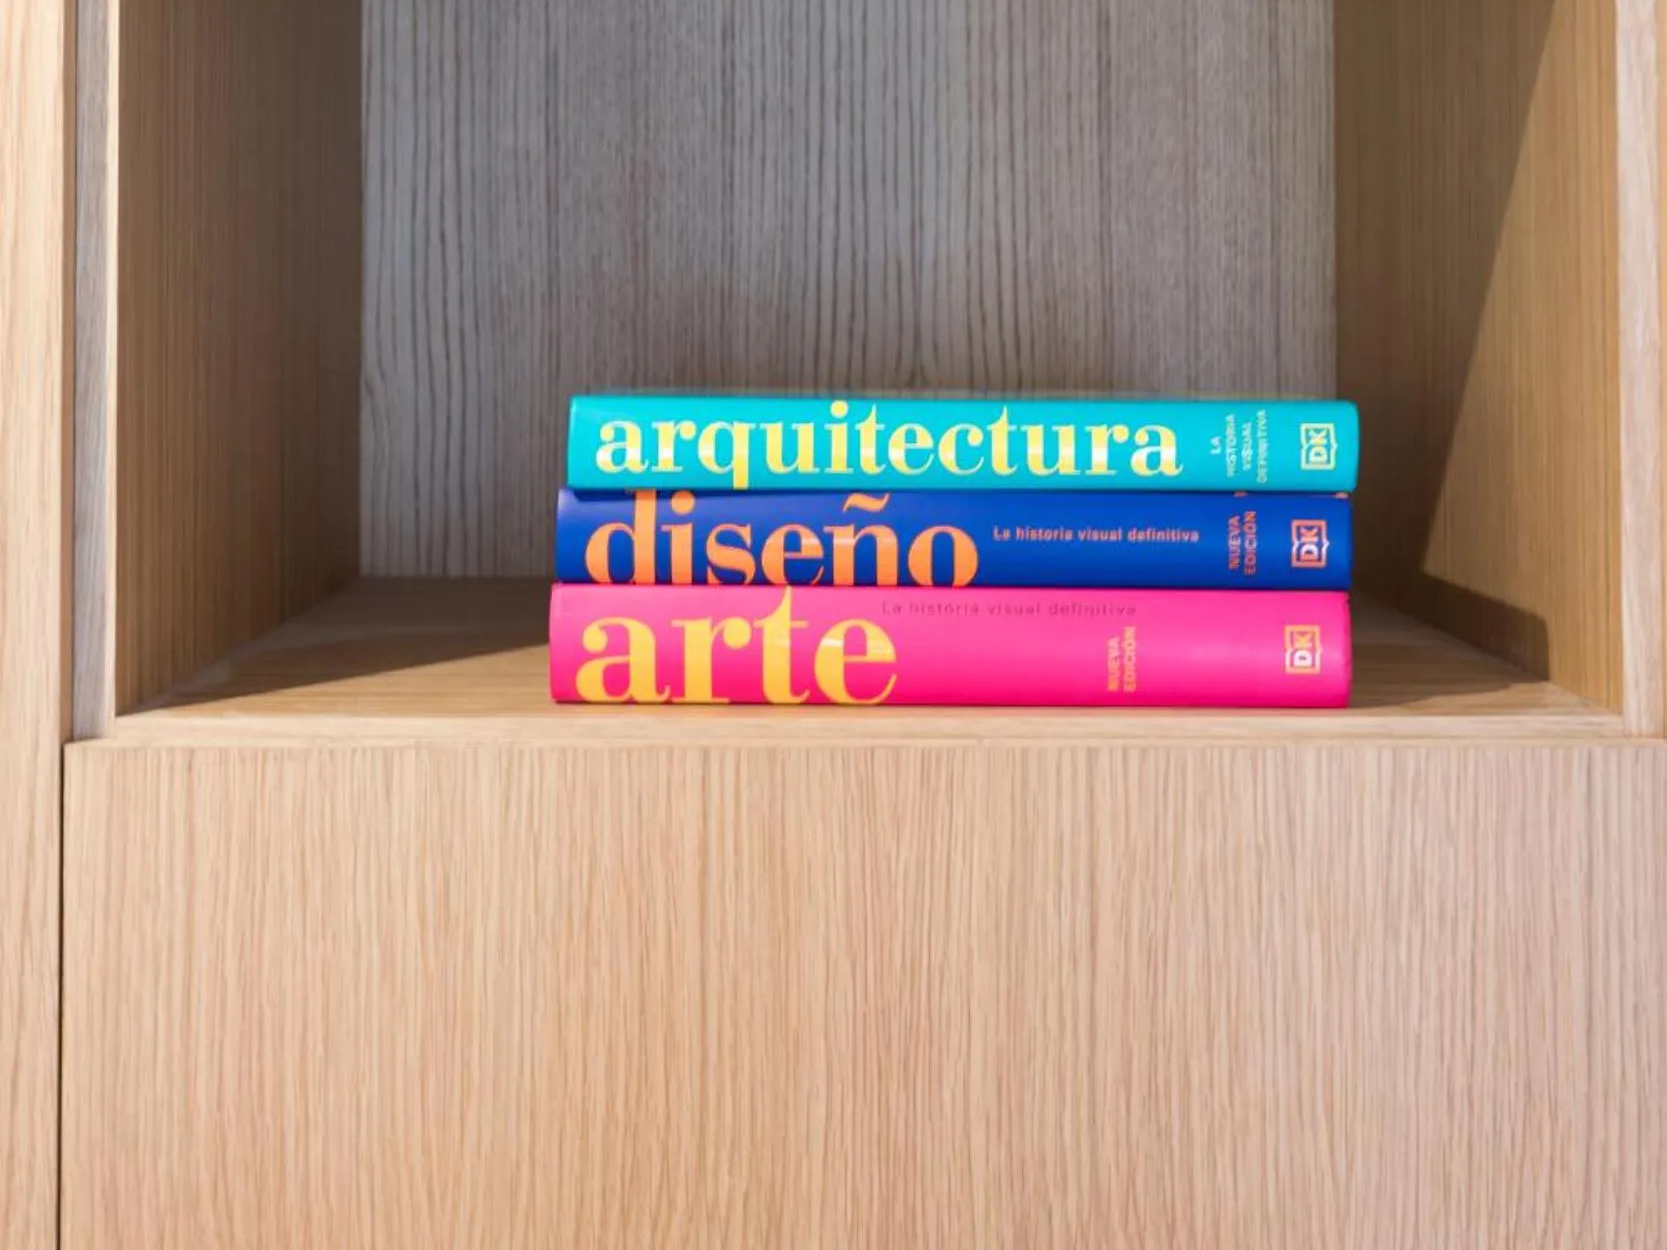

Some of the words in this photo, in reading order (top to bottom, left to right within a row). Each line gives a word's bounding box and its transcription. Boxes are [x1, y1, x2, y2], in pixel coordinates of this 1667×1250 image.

[595, 400, 1184, 489] arquitectura
[1210, 435, 1221, 455] LA
[1309, 429, 1329, 463] DK
[585, 489, 979, 586] diseño
[993, 526, 1010, 541] La
[1016, 526, 1073, 542] historia
[1078, 527, 1123, 542] visual
[1127, 527, 1200, 543] definitiva
[1228, 515, 1241, 570] NUEVA
[1301, 527, 1319, 561] DK
[882, 602, 901, 615] La
[909, 602, 980, 616] historia
[987, 602, 1041, 616] visual
[1048, 603, 1137, 617] definitiva
[575, 586, 898, 704] arte
[1293, 632, 1313, 667] DK
[1107, 636, 1121, 692] NUEVA

□ □ □

Assignment
The reply should hold every record, unchanged, and no pictures.

Reply to the exercise
Some of the words in this photo, in reading order (top to bottom, left to right within a row). Each line gives a word's bounding box and its transcription. Boxes are [x1, y1, x2, y2], in pixel coordinates of this 1667×1250 image.

[595, 400, 1184, 489] arquitectura
[1210, 435, 1221, 455] LA
[1309, 429, 1329, 463] DK
[585, 489, 979, 586] diseño
[993, 526, 1010, 541] La
[1016, 526, 1073, 542] historia
[1078, 527, 1123, 542] visual
[1127, 527, 1200, 543] definitiva
[1228, 515, 1241, 570] NUEVA
[1301, 527, 1319, 561] DK
[882, 602, 901, 615] La
[909, 602, 980, 616] historia
[987, 602, 1041, 616] visual
[1048, 603, 1137, 617] definitiva
[575, 586, 898, 704] arte
[1293, 632, 1313, 667] DK
[1107, 636, 1121, 692] NUEVA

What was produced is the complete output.